Hijo de ministros bautistas, Jonathan tuvo que adaptarse a los cambios que le exigía la misión de sus padres. De Grand Rapids se mudaron a un suburbio de Detroit, aunque su vida diaria giraba en torno al ministerio de su padre que se desarrollaba en la ciudad.

“Viviendo en las afueras de Detroit me tocó sufrir no el hostigamiento pero sí el ser estereotipado por un segmento blanco que lo hacía más por ignorancia que por deseo de hacerme daño”, dijo Jonathan.

“Me preguntaban: ‘¿vendes droga?’. ‘¿me vas a apuñalar?’, ‘¿hablas mexicano?’…”, recuerda Jonathan con una sonrisa en el rostro.

Al terminar la secundaria, el joven decidió mudarse a la ciudad de Detroit e ingresar a la fuerza laboral, desde donde pudo percibir de primera mano la injusticia que azota al trabajador, especialmente al inmigrante indocumentado.

“En mi primer día trabajé 18 horas y ni siquiera me avisaron, los demás obreros estaban contentos, pero al finalizar la semana nos robaban el salario. Si trabajaba 60 horas sólo nos pagaban 40”, recuerda Contreras.

Para el joven todavía está fresco en su memoria un incidente en el cual el transporte que conducía a los trabajadores a la fabrica chocó, estando una mujer embarazada a bordo.

“Recuerdo que los que no estaban heridos corrían en plena vía expresa y se escondían entre los árboles antes que llegara la policía”, dijo Jonathan.
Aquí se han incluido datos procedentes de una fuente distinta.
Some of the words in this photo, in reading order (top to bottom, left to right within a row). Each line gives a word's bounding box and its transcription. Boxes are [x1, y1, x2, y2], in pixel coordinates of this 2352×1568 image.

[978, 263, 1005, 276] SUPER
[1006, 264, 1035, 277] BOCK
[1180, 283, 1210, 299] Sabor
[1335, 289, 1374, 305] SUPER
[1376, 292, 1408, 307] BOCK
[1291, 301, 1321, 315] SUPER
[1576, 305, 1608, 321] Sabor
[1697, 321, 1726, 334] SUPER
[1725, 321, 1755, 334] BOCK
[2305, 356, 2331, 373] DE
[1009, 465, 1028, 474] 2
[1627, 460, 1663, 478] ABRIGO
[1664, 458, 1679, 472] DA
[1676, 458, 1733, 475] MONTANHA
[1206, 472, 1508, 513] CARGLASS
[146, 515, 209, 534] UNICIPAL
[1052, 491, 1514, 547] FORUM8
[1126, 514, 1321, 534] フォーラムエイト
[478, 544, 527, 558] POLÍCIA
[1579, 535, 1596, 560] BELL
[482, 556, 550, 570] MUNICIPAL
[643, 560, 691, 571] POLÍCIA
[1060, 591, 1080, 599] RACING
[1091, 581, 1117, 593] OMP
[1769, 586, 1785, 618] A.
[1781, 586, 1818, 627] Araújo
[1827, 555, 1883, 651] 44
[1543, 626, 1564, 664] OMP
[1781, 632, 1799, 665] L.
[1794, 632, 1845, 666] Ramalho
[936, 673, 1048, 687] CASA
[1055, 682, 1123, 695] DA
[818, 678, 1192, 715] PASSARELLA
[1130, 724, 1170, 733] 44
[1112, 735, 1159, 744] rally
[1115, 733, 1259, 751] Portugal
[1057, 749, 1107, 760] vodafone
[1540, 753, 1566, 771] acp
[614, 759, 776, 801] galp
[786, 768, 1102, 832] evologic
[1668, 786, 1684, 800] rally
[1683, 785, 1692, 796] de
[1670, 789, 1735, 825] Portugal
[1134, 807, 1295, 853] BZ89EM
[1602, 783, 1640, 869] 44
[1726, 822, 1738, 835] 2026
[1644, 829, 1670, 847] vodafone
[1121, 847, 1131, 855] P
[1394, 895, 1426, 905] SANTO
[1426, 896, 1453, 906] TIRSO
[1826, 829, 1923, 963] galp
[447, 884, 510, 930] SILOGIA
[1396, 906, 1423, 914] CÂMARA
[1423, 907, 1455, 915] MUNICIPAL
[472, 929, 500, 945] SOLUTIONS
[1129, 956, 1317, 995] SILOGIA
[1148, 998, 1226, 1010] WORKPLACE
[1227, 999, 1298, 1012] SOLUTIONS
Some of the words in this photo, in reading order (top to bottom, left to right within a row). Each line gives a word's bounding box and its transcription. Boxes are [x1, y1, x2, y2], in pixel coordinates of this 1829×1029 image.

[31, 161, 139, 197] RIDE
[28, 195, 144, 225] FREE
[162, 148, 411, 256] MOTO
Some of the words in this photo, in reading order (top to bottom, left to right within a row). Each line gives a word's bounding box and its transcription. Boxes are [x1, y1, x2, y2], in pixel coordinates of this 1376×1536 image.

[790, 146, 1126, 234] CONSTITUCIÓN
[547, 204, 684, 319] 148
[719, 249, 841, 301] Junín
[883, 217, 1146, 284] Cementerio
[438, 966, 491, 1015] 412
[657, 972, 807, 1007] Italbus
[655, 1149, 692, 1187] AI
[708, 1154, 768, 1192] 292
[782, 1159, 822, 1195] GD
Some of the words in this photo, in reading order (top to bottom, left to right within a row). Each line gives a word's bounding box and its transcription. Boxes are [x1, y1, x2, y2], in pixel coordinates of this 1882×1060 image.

Todas esas experiencias de vida lo motivaron a hacer su internado en la Alliance for Immigrants Rights & Reform.

“Empecé a hacer reuniones comunitarias y talleres de ‘Conozca sus Derechos’, hasta que fui contratado como organizador comunitario”, refiere Contreras.

Dándole forma al futuro

Según Contreras hay un segmento de jóvenes latinos que no nacieron en Estados Unidos y que llegaron a temprana edad y se rehúsan hablar en español. También hay padres que quieren que sus hijos se olviden de sus raíces.

“Sin embargo hay otro tipo de jóvenes que están comprometidos con la lucha por el Dream Act, por ejemplo. Es el caso de la organización One Michigan”.

Jonathan también transitó el tortuoso camino de la búsqueda de su identidad, y como muchos jóvenes la descubrió y la abrazó y se aferra a ella para seguir luchando por lo que considera justo, para que otros jóvenes tengan la oportunidad de superarse.

Sin embargo, reconoce que esa lucha tuvo un pico y que ahora se encuentra en declive.”Es como si se hubieran cansado”, dijo.

“Aquí lo que se ha podido lograr es tener conexiones con las universidades para lograr lo que ha pasado en California y en Illinois. Aquí sería muy difícil porque la Legislatura está controlada por los republicanos. Se está tratando de hacer las conexiones directamente con las universidades”, señalo.

Mientras tanto, la comunidad organizada avanza lentamente hacia la obtención de logros que garanticen un mejor trato a los inmigrantes, situación que, según Contreras, ha mejorado en la ciudad de Detroit pero no así en sus suburbios.

El propio Contreras fue detenido en una carretera en las afueras de la ciudad, según él, “porque me vieron hispano”.

“Mi detención fue arbitraria, me negaron el derecho a una llamada telefónica, me retuvieron toda la noche y no les permitieron a mis colegas que pagaran la fianza mientras yo veía salir a vendedores de drogas y prostitutas de la cárcel”, narró Contreras.

Las memorias de una noche en la fría celda de un suburbio de Detroit lo devuelven a la realidad de un presente en el que el hostigamiento al inmigrante indocumentado parece no tener fin. Pero los nombres de personas reales garabateados en la sucia pared de esa cárcel le recuerdan cada día que la lucha por la justicia continúa y que su decisión de seguir adelante es su aporte para cambiar esa realidad.